Both men and women are spending more on sneakers, and venture capitalists have taken notice. Sneakers and sneaker-related businesses account for the majority of footwear startup funding, as consumers increasingly opt for more casual, sportier styles.

Much of the innovation is in the sale and design of pricey, high-performance shoes. The largest footwear-focused round in recent months, for instance, went to GOAT, operator of an online sneaker marketplace that specializes in rare and high-end shoes.
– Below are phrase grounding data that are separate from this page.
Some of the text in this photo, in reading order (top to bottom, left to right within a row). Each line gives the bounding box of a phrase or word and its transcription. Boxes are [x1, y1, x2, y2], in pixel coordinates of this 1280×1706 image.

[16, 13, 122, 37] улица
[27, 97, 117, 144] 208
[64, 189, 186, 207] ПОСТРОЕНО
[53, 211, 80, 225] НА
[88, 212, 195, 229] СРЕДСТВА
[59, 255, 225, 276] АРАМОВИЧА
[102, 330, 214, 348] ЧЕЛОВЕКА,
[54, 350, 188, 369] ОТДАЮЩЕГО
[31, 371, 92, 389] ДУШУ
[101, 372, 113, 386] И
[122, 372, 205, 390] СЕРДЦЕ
The three-year-old, Los Angeles-based company secured a $60 million Series C in February.

Other sneaker companies to raise funding recently include StockX, an auction-style GOAT competitor; Stadium Goods, a streetwear retailer; and Super Heroic, which makes high-performance athletic shoes for children.

The spike in sneaker funding comes amid a growth streak for the sector. As mentioned previously, much of that is driven by men. However, one other bullish sneaker trend footwear analysts point to is the changing buying habits of women. Driven perhaps by a desire to walk more than a few blocks without being in pain, we’re buying fewer high heels and more sneakers.

Stylish and eco-friendly

Demand for more comfortable footwear doesn’t only translate into more sneaker sales. Venture investors also see potential in other comfy shoe startups, particularly those with eco-friendly options.
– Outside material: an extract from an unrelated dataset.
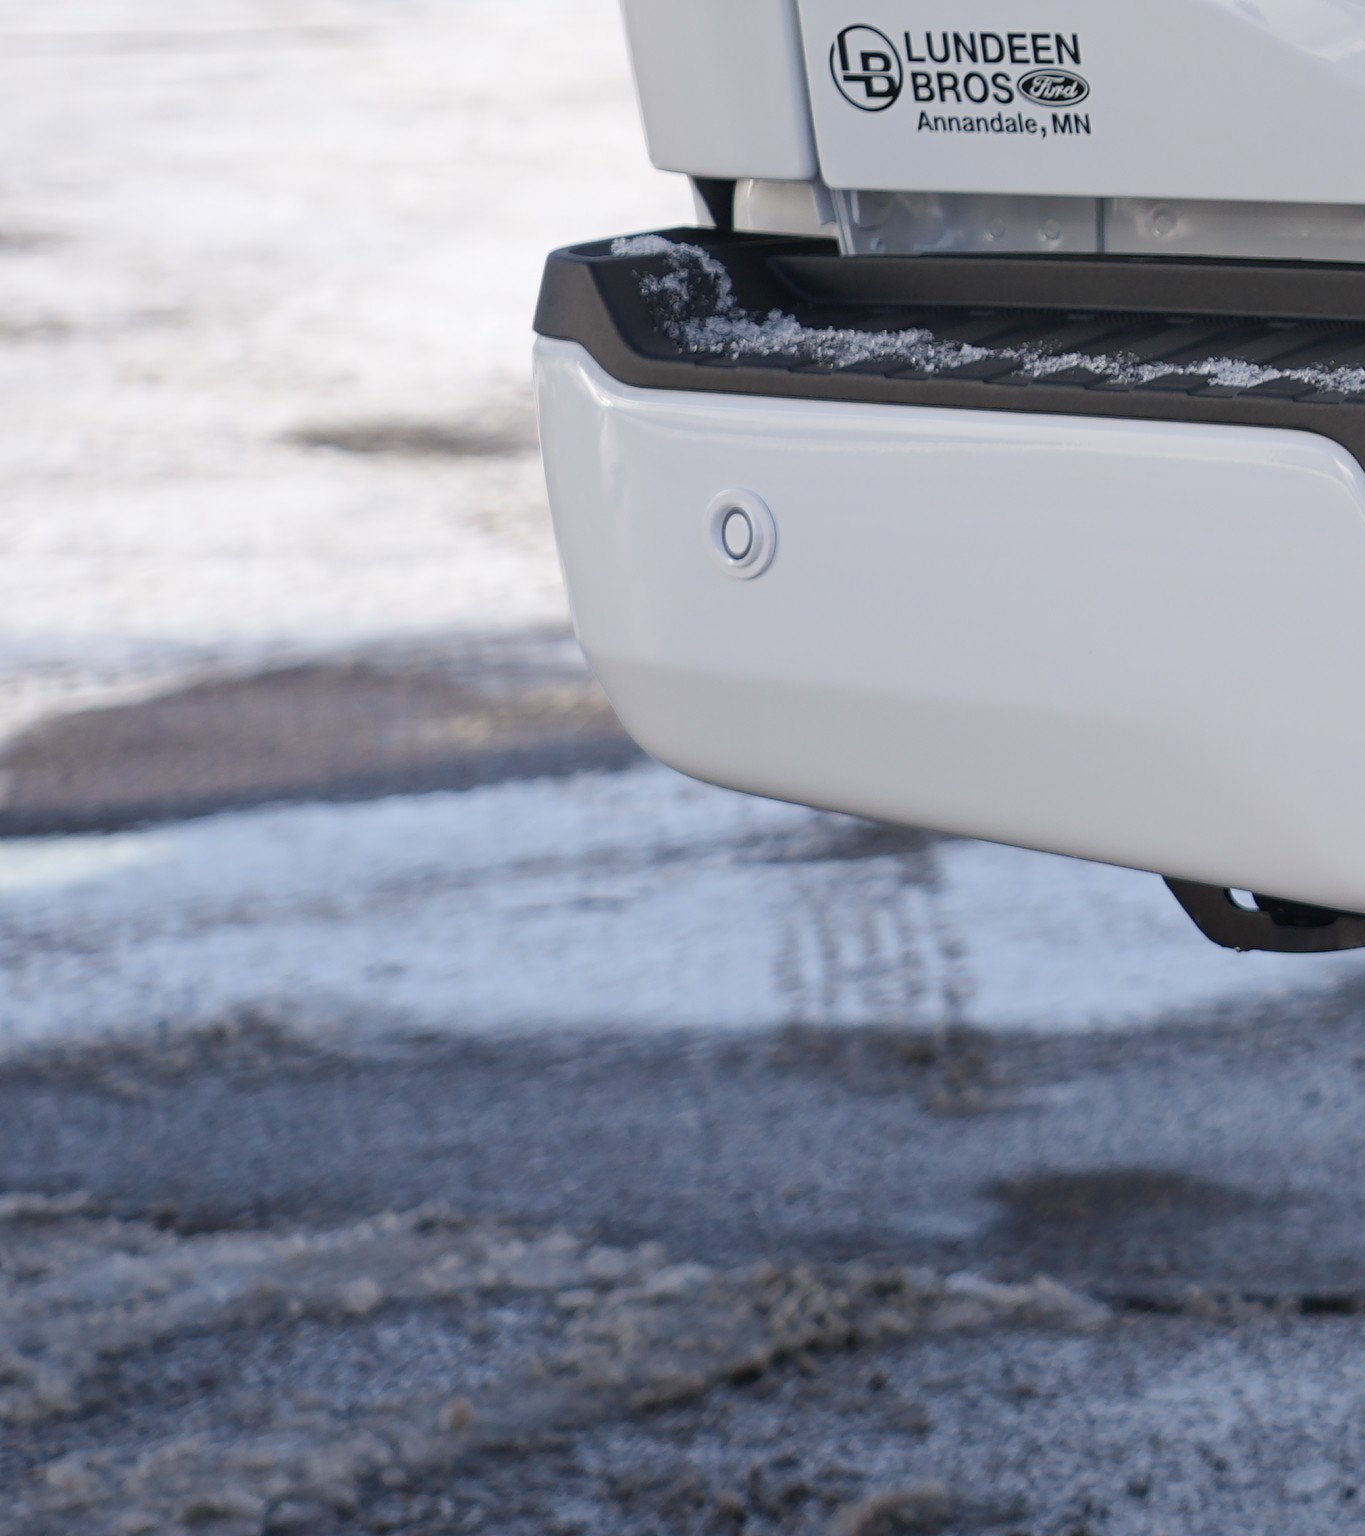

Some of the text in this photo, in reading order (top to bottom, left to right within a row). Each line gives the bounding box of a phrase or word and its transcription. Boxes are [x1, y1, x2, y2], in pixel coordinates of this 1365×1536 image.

[904, 30, 1082, 66] LUNDEEN
[910, 70, 1080, 104] BROS Ford
[917, 110, 1092, 138] Annandale, MN
In this camp is Allbirds, a maker of merino wool shoes in casual styles that has raised more than $27 million to date. Meanwhile, Rothy’s, which makes shoes out of recycled plastic bottles and sells them for around $125 a pair, has brought in $7 million.

Slippers are also a fundable space, as evidenced by the $2 million seed round last fall for Birdies, a maker of footwear for people who want to pad around the house in slippers while also looking stylish.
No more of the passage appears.